> [PROBLEM DETAILS] In this exercise, the entries below are to be transcribed exactly, line by line.

> [RECORDS FOR THE TASK]
┌────────
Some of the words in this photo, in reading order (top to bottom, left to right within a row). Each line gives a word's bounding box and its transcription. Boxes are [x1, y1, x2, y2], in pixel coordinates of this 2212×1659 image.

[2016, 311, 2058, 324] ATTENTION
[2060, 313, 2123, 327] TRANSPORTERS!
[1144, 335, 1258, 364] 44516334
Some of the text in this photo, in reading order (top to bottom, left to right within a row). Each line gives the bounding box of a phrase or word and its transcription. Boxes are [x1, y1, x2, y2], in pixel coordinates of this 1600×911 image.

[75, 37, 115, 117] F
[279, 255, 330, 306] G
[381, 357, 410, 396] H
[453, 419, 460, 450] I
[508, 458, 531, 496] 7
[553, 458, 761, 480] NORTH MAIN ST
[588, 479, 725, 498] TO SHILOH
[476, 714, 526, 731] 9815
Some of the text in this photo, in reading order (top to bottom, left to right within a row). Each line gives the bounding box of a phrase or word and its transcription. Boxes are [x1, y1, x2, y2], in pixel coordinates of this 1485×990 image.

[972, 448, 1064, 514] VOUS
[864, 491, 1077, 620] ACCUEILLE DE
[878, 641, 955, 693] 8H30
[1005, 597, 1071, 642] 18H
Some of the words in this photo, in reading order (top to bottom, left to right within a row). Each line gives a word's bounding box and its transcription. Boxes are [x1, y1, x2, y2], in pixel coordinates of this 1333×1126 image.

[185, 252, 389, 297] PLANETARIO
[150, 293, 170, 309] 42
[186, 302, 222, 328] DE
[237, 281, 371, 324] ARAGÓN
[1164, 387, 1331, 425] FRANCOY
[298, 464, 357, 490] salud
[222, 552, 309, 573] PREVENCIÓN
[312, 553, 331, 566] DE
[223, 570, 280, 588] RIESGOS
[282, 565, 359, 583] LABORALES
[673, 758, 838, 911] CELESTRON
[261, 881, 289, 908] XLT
└────────
> [WRITTEN RESPONSE]
Some of the words in this photo, in reading order (top to bottom, left to right within a row). Each line gives a word's bounding box and its transcription. Boxes are [x1, y1, x2, y2], in pixel coordinates of this 2212×1659 image.

[2016, 311, 2058, 324] ATTENTION
[2060, 313, 2123, 327] TRANSPORTERS!
[1144, 335, 1258, 364] 44516334
Some of the text in this photo, in reading order (top to bottom, left to right within a row). Each line gives the bounding box of a phrase or word and its transcription. Boxes are [x1, y1, x2, y2], in pixel coordinates of this 1600×911 image.

[75, 37, 115, 117] F
[279, 255, 330, 306] G
[381, 357, 410, 396] H
[453, 419, 460, 450] I
[508, 458, 531, 496] 7
[553, 458, 761, 480] NORTH MAIN ST
[588, 479, 725, 498] TO SHILOH
[476, 714, 526, 731] 9815
Some of the text in this photo, in reading order (top to bottom, left to right within a row). Each line gives the bounding box of a phrase or word and its transcription. Boxes are [x1, y1, x2, y2], in pixel coordinates of this 1485×990 image.

[972, 448, 1064, 514] VOUS
[864, 491, 1077, 620] ACCUEILLE DE
[878, 641, 955, 693] 8H30
[1005, 597, 1071, 642] 18H
Some of the words in this photo, in reading order (top to bottom, left to right within a row). Each line gives a word's bounding box and its transcription. Boxes are [x1, y1, x2, y2], in pixel coordinates of this 1333×1126 image.

[185, 252, 389, 297] PLANETARIO
[150, 293, 170, 309] 42
[186, 302, 222, 328] DE
[237, 281, 371, 324] ARAGÓN
[1164, 387, 1331, 425] FRANCOY
[298, 464, 357, 490] salud
[222, 552, 309, 573] PREVENCIÓN
[312, 553, 331, 566] DE
[223, 570, 280, 588] RIESGOS
[282, 565, 359, 583] LABORALES
[673, 758, 838, 911] CELESTRON
[261, 881, 289, 908] XLT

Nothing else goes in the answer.